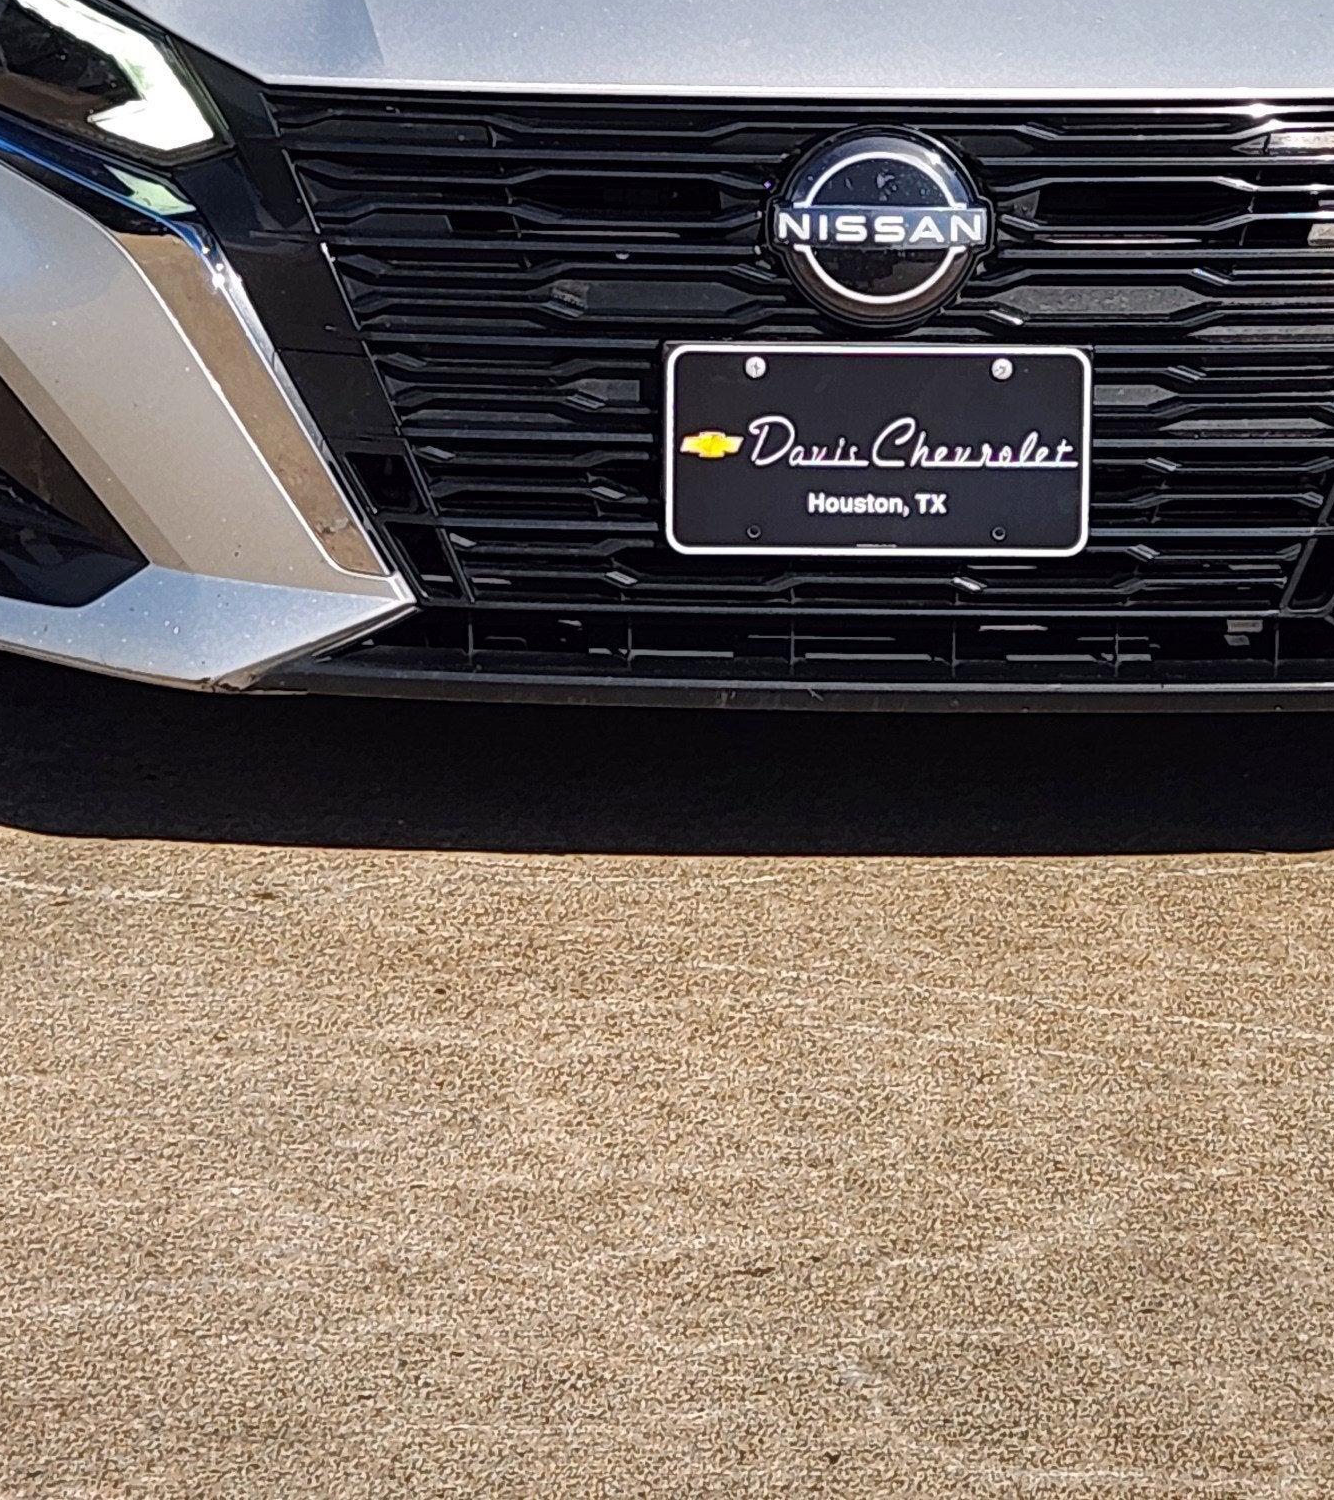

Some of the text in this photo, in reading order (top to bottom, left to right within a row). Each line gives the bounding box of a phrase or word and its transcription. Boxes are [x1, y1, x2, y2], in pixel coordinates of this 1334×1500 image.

[777, 213, 982, 244] NISSAN
[748, 415, 1079, 468] Davis Chevrolet
[807, 493, 948, 517] Houston, TX
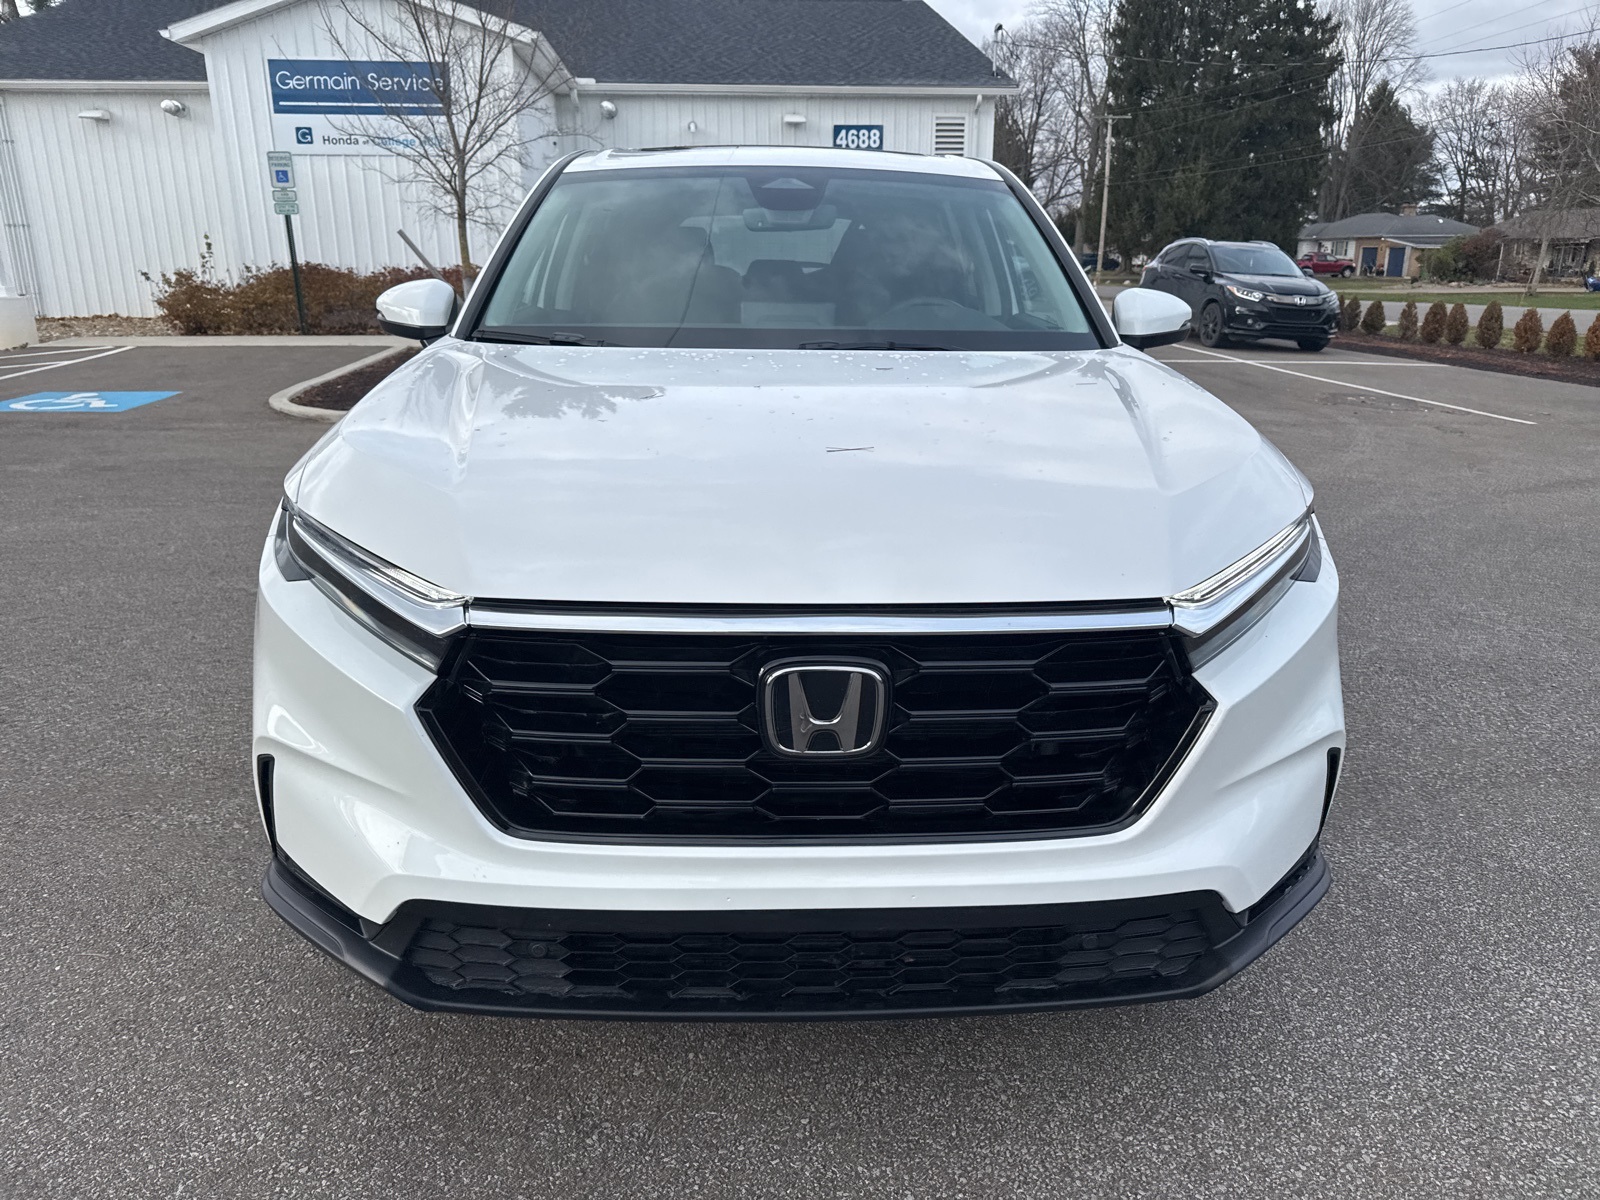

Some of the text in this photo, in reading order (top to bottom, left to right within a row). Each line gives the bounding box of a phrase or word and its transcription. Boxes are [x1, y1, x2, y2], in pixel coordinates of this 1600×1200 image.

[275, 71, 361, 90] Germain
[322, 135, 360, 145] Honda
[835, 129, 880, 149] 4688

**Exercise description**
Write the lines out again exactly, from the one containing "this 1600×1200 image." through the last line of the records, and include no other lines.

**Exercise response**
Some of the text in this photo, in reading order (top to bottom, left to right within a row). Each line gives the bounding box of a phrase or word and its transcription. Boxes are [x1, y1, x2, y2], in pixel coordinates of this 1600×1200 image.

[275, 71, 361, 90] Germain
[322, 135, 360, 145] Honda
[835, 129, 880, 149] 4688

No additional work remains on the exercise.